Microsoft propose un essai gratuit de Defender for Endpoint.
VMware Carbon Black EDR
L'EDR Carbon Black de VMWare, qui était auparavant filiale de Bit9, propose une approche multifacette de la protection des hôtes.
Comme d'autres outils EDR, la protection contre les logiciels malveillants est l'une des compétences clés de Carbon Black. Plutôt que de se fier uniquement à la détection basée sur les signatures, Carbon Black vérifie les modèles d'attaque. Cela l'aide à trouver des incidents provenant de logiciels malveillants traditionnels et sans fichier. Carbon Black ne se concentre pas uniquement sur les logiciels malveillants, mais offre plutôt aux administrateurs un moyen d'auditer les appareils de point de terminaison en temps réel et de remédier à toute vulnérabilité de sécurité qu'il détecte.
VMware propose un laboratoire pratique gratuit pour les entreprises souhaitant essayer Carbon Black.
Falcon de CrowdStrike
La plateforme Falcon de CrowdStrike répond à une grande variété de menaces en mode cloud et à travers l'entreprise. Les capacités EDR ne sont qu'une petite partie de la plateforme Falcon plus vaste et sont intégrées dans Falcon Endpoint Protection Enterprise.
Falcon Endpoint Protection Enterprise agit comme un remplacement pour les antivirus traditionnels, mais révèle toutes sortes d'attaques, pas seulement celles liées à une infection par logiciel malveillant. Falcon Endpoint Protection Enterprise utilise des analyses de menaces basées sur l'apprentissage automatique pour détecter les menaces en temps réel. Le logiciel travaille à remédier et à aider aux enquêtes d'incidents. En plus de bloquer les attaques, Falcon Endpoint Protection Enterprise tente de faire le ménage et d'annuler les modifications de registre et les fichiers laissés par le logiciel malveillant.
CrowdStrike propose un essai gratuit de sa plateforme Falcon.

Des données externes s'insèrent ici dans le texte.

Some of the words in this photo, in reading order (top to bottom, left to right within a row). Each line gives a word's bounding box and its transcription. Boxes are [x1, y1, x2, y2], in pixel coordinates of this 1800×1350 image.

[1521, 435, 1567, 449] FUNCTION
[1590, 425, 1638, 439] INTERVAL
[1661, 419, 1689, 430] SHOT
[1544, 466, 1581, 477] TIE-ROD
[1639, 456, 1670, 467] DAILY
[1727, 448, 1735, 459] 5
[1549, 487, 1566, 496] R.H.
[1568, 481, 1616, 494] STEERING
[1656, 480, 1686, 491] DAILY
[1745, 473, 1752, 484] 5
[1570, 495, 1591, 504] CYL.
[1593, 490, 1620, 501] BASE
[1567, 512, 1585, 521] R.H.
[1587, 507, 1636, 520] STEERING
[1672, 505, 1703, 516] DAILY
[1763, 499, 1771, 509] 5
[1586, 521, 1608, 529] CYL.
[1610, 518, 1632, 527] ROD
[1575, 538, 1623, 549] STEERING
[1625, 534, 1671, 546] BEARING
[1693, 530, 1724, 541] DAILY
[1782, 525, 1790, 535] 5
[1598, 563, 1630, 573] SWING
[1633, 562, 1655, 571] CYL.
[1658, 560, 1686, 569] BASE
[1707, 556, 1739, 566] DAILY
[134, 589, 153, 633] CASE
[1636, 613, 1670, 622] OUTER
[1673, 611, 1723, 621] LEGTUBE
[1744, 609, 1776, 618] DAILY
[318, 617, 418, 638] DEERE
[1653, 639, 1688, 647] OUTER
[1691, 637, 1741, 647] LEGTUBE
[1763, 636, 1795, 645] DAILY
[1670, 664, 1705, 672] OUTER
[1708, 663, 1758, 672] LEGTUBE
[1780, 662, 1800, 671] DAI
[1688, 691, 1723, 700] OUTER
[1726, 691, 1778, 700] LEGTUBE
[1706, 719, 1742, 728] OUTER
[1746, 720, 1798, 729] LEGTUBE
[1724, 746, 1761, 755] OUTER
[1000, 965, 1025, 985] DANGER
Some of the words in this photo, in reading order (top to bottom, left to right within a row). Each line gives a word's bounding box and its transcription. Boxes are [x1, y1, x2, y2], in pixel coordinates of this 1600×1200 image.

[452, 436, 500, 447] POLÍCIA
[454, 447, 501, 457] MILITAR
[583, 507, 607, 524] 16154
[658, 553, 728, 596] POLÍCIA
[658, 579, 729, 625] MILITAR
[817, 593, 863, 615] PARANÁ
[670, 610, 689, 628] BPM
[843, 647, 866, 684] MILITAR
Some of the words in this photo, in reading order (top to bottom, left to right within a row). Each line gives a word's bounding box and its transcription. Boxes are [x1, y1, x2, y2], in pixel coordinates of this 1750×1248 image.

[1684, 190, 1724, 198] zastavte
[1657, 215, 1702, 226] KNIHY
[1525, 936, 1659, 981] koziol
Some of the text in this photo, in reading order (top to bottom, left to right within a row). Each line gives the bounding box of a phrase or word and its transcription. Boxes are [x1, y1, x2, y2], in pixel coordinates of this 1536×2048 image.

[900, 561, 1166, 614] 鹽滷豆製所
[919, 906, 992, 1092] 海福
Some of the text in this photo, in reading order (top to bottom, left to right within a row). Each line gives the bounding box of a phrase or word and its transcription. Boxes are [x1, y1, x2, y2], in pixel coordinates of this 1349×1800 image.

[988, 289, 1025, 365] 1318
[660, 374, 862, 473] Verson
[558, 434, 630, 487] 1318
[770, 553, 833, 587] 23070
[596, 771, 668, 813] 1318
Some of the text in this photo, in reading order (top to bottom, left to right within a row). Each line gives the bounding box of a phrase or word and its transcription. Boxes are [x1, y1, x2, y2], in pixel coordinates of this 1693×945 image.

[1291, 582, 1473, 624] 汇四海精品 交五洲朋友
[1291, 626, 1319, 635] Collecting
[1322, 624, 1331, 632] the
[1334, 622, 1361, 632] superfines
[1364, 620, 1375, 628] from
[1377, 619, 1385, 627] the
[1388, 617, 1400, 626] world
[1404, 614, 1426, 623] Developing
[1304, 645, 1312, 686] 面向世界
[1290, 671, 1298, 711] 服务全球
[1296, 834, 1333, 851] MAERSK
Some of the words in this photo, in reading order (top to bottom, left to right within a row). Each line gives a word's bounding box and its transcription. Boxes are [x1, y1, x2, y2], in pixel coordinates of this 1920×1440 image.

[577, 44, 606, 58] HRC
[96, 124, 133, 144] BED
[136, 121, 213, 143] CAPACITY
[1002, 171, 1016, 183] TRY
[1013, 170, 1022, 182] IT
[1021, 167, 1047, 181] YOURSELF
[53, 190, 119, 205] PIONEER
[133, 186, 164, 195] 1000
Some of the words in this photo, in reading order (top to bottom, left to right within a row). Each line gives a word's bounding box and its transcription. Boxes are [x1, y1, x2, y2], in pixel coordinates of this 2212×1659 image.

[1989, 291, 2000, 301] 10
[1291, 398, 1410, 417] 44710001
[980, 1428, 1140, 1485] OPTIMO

Plateforme Singularity de SentinelOne
La plateforme Singularity for Endpoint de SentinelOne agit comme une plateforme de sécurité d'entreprise complète. Le principal argument de vente derrière le produit Singularity est qu'il fonctionne de manière autonome, détectant et se défendant contre les attaques plus rapidement qu'un humain ne le pourrait.
Comme d'autres outils d’EDR tiers, la plateforme de protection des endpoints utilise l'apprentissage automatique pour ses capacités de détection d'attaques plutôt que de se reposer sur une base de données de signatures. Lorsqu'elle détecte une menace, le logiciel assemble les étapes de l'attaque en une histoire, reconstituant toute la cinétique d’attaque du début à la fin. De plus, les points d'extrémité affectés par une attaque peuvent être corrigés en un seul clic.
Vous pouvez demander une démonstration sur le site web de SentinelOne.